• **Image-backed grounding data**:
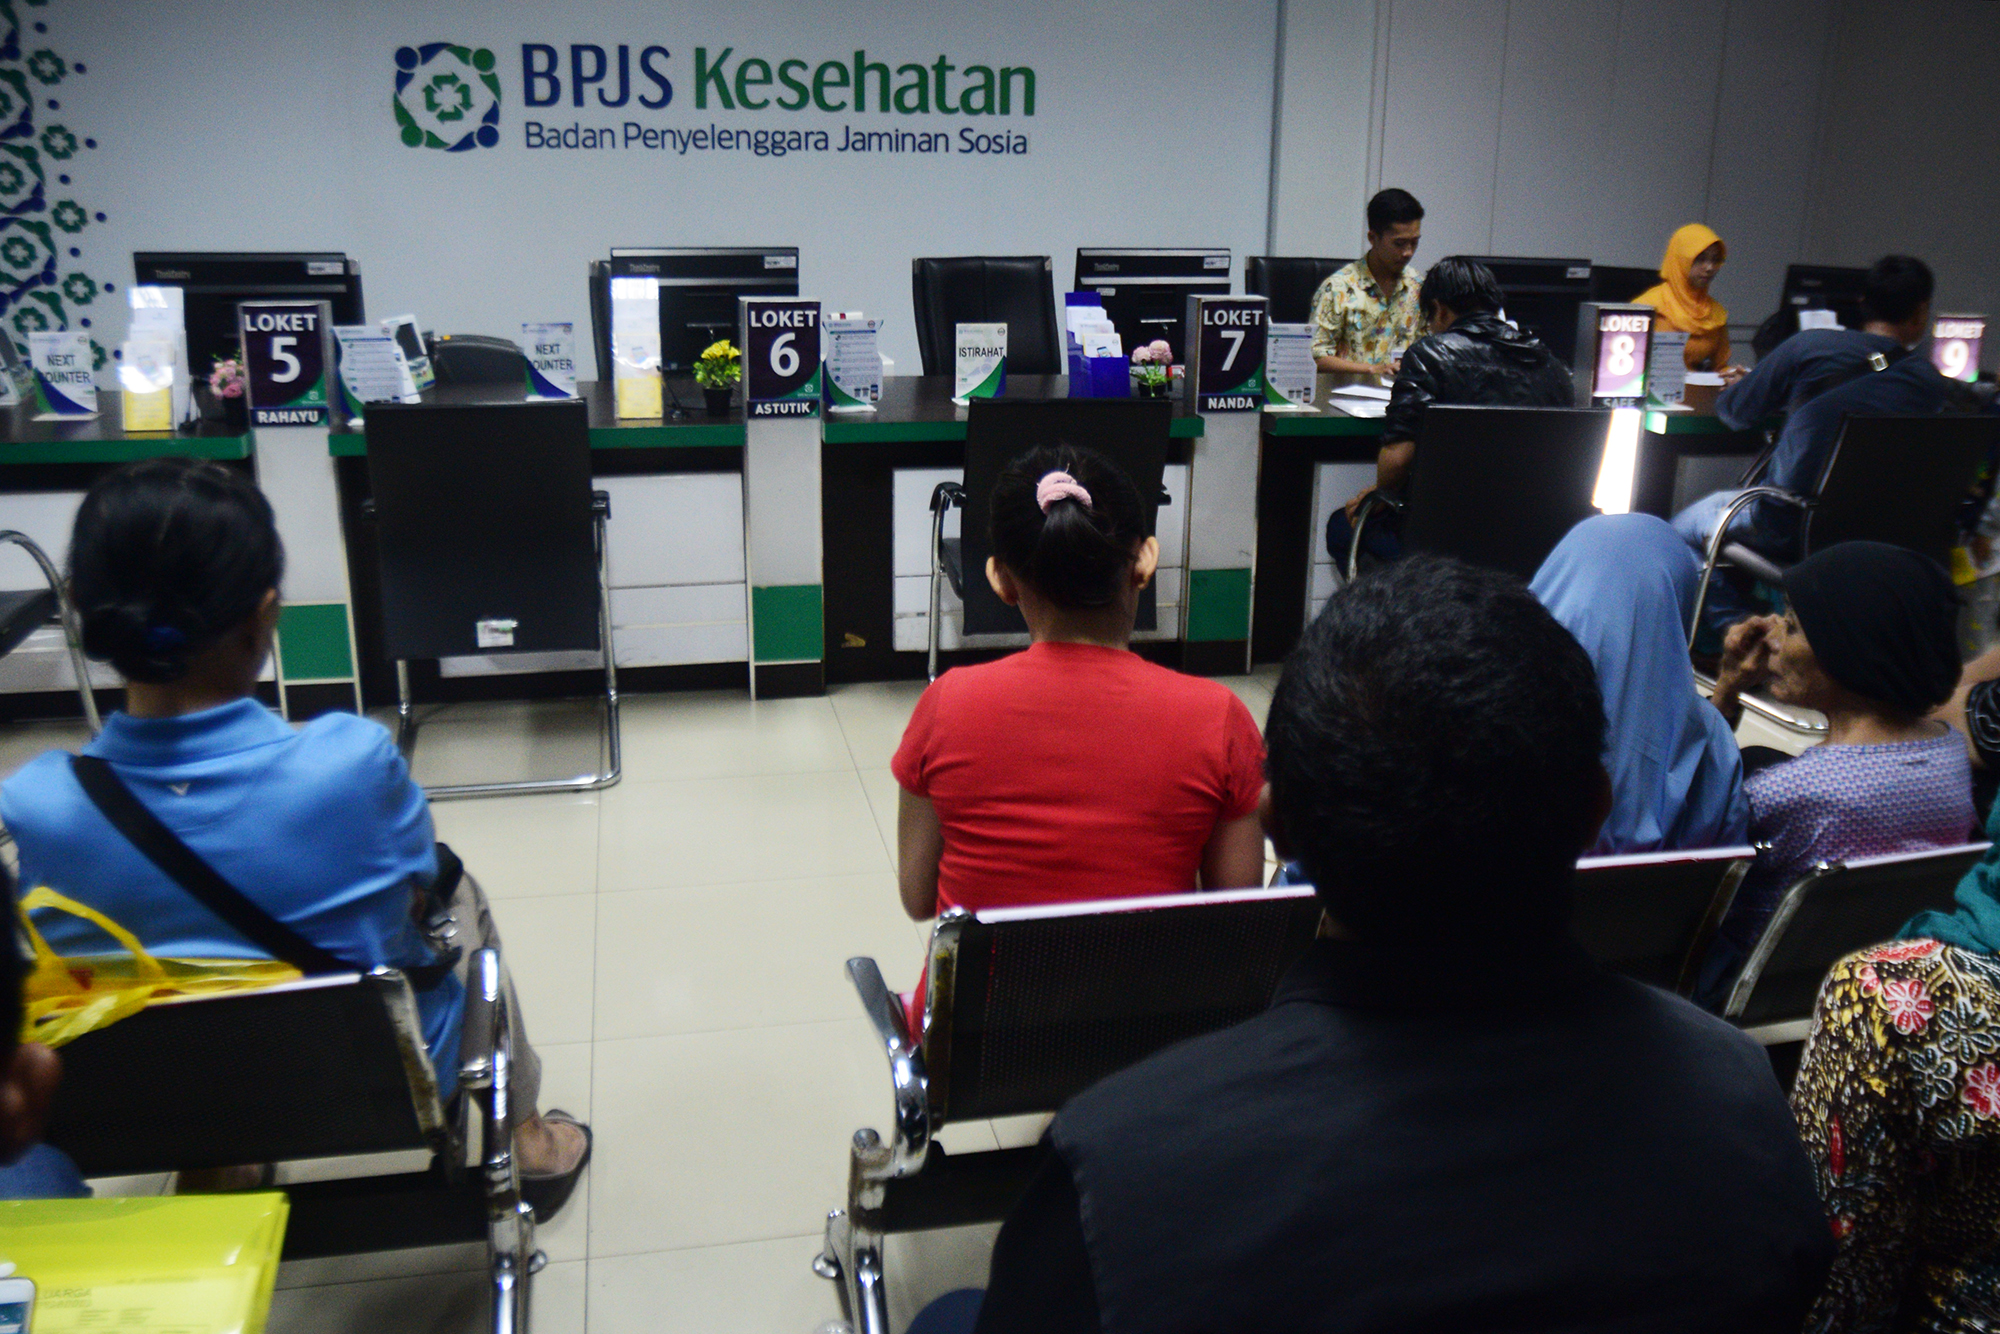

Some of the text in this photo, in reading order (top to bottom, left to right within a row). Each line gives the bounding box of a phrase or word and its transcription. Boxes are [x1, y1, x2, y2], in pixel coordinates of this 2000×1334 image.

[522, 43, 1036, 117] BPJS Kesehatan
[525, 121, 1028, 156] Badan Penyelenggara Jaminan Sosia
[245, 313, 317, 332] LOKET
[750, 310, 817, 328] LOKET
[1203, 309, 1263, 326] LOKET
[1600, 314, 1652, 332] LOKET
[535, 344, 561, 355] NEXT
[770, 332, 800, 377] 6
[958, 347, 1004, 357] ISTIRAHAT
[1221, 330, 1245, 371] 7
[1608, 334, 1636, 376] 8
[1941, 339, 1969, 378] 9
[47, 354, 76, 366] NEXT
[272, 336, 301, 383] 5
[532, 359, 573, 371] OUNTER
[44, 371, 91, 383] OUNTER
[755, 402, 811, 415] ASTUTIK
[1208, 397, 1255, 409] NANDA
[256, 410, 319, 423] RAHAYU
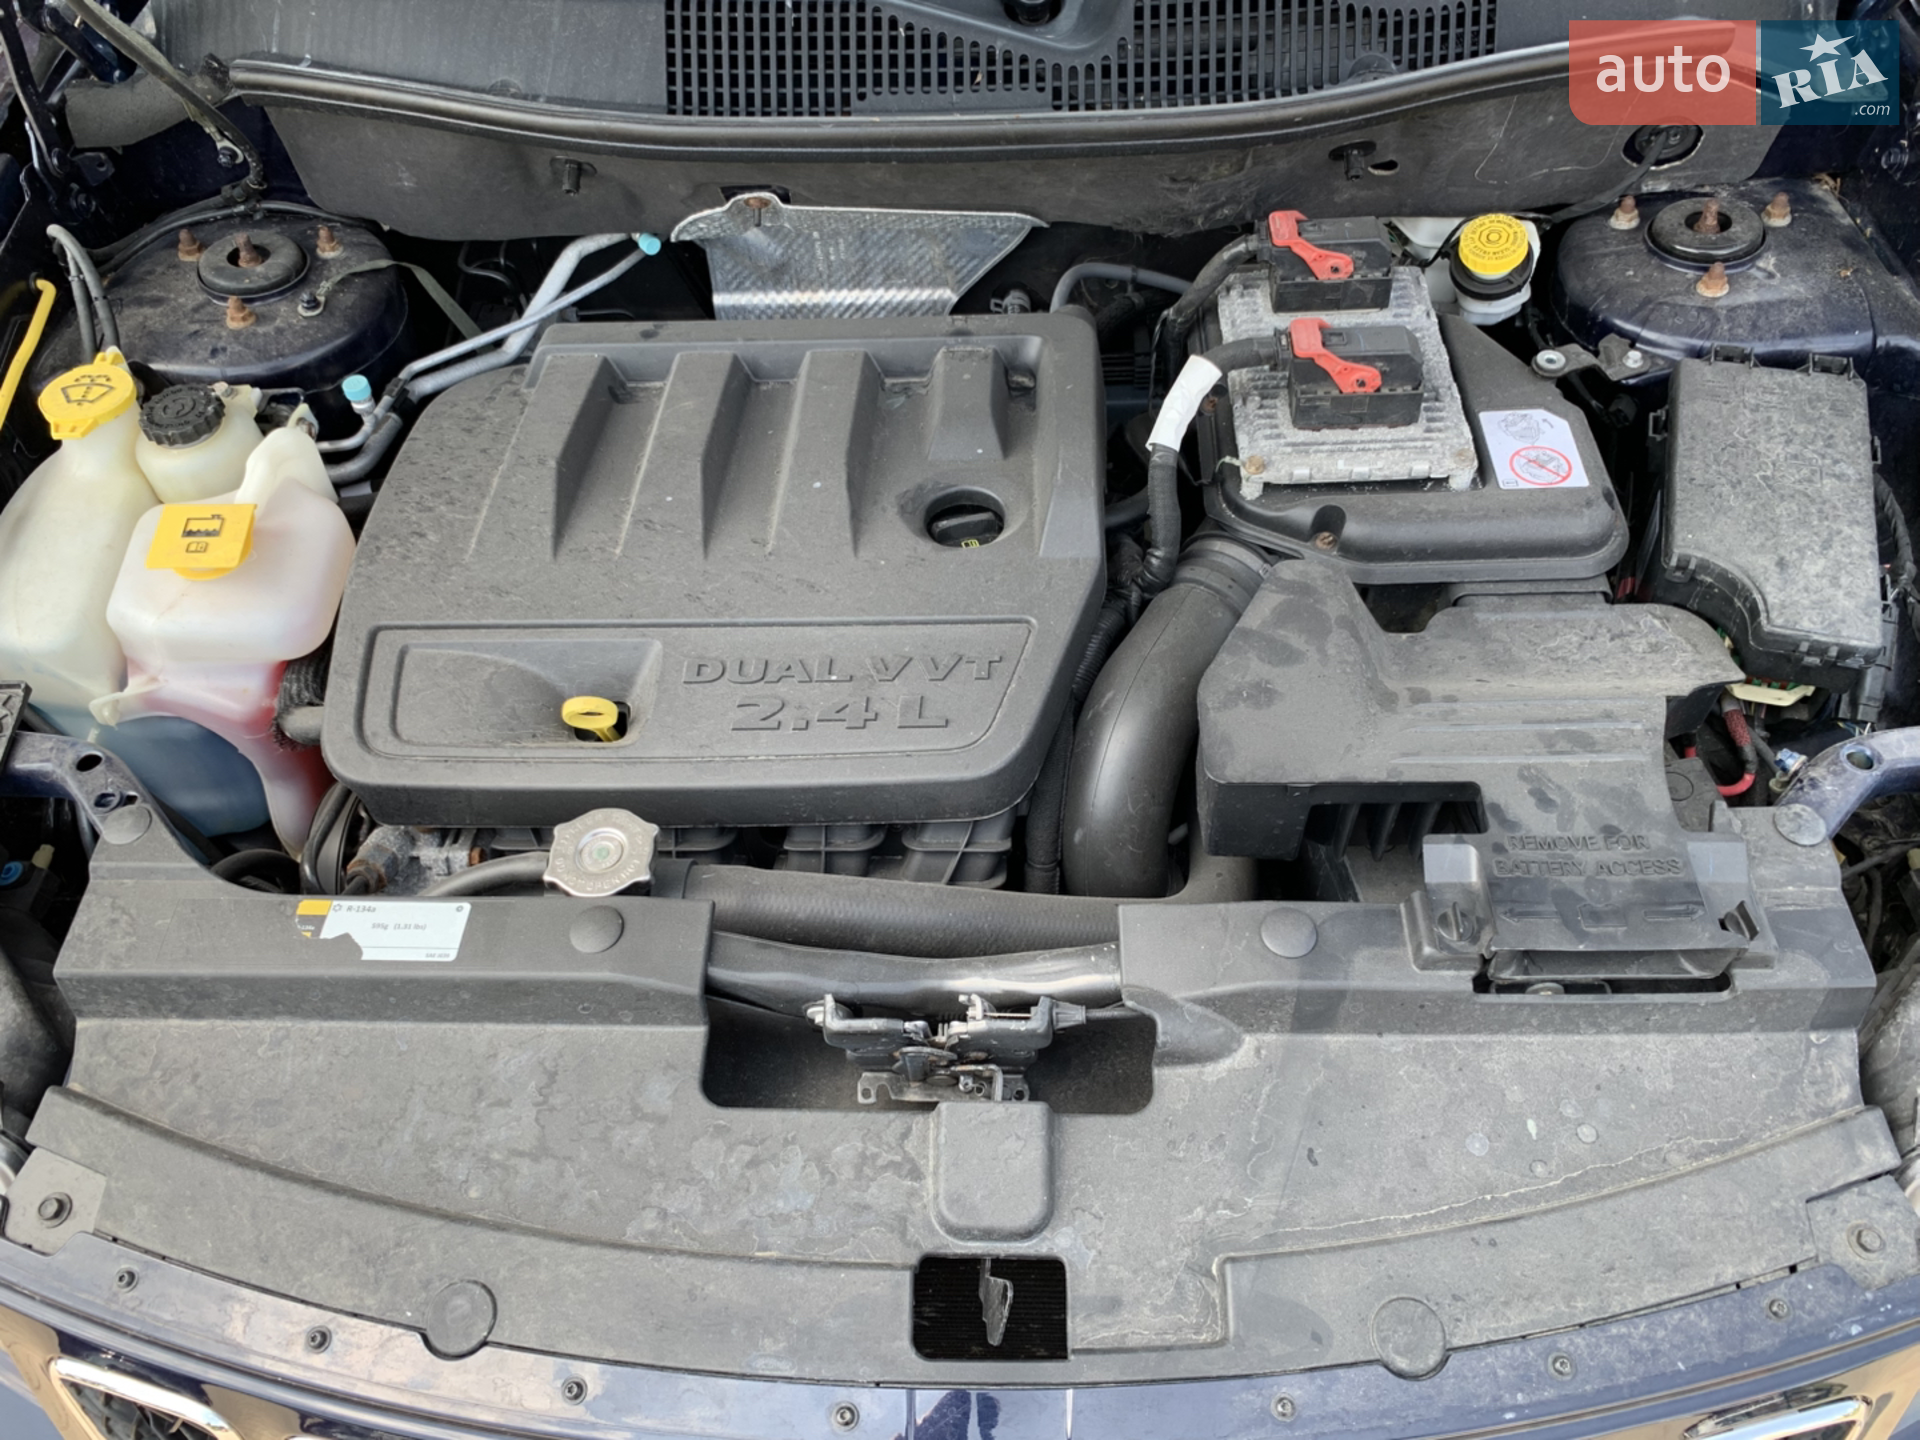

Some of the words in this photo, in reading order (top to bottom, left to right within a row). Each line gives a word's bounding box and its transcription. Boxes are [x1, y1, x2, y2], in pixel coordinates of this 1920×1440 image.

[683, 656, 853, 684] DUAL
[1506, 835, 1598, 851] REMOVE
[1603, 834, 1650, 851] FOR
[1494, 859, 1586, 877] BATTERY
[1599, 858, 1684, 876] ACCESS
[346, 905, 377, 913] R-134a

• **WORK REQUEST**: Would you give the entries above again verbatim, omitting the images they contain?

• **SOLUTION BELOW**:
Some of the text in this photo, in reading order (top to bottom, left to right within a row). Each line gives the bounding box of a phrase or word and its transcription. Boxes are [x1, y1, x2, y2], in pixel coordinates of this 2000×1334 image.

[522, 43, 1036, 117] BPJS Kesehatan
[525, 121, 1028, 156] Badan Penyelenggara Jaminan Sosia
[245, 313, 317, 332] LOKET
[750, 310, 817, 328] LOKET
[1203, 309, 1263, 326] LOKET
[1600, 314, 1652, 332] LOKET
[535, 344, 561, 355] NEXT
[770, 332, 800, 377] 6
[958, 347, 1004, 357] ISTIRAHAT
[1221, 330, 1245, 371] 7
[1608, 334, 1636, 376] 8
[1941, 339, 1969, 378] 9
[47, 354, 76, 366] NEXT
[272, 336, 301, 383] 5
[532, 359, 573, 371] OUNTER
[44, 371, 91, 383] OUNTER
[755, 402, 811, 415] ASTUTIK
[1208, 397, 1255, 409] NANDA
[256, 410, 319, 423] RAHAYU

Some of the words in this photo, in reading order (top to bottom, left to right within a row). Each line gives a word's bounding box and its transcription. Boxes are [x1, y1, x2, y2], in pixel coordinates of this 1920×1440 image.

[683, 656, 853, 684] DUAL
[1506, 835, 1598, 851] REMOVE
[1603, 834, 1650, 851] FOR
[1494, 859, 1586, 877] BATTERY
[1599, 858, 1684, 876] ACCESS
[346, 905, 377, 913] R-134a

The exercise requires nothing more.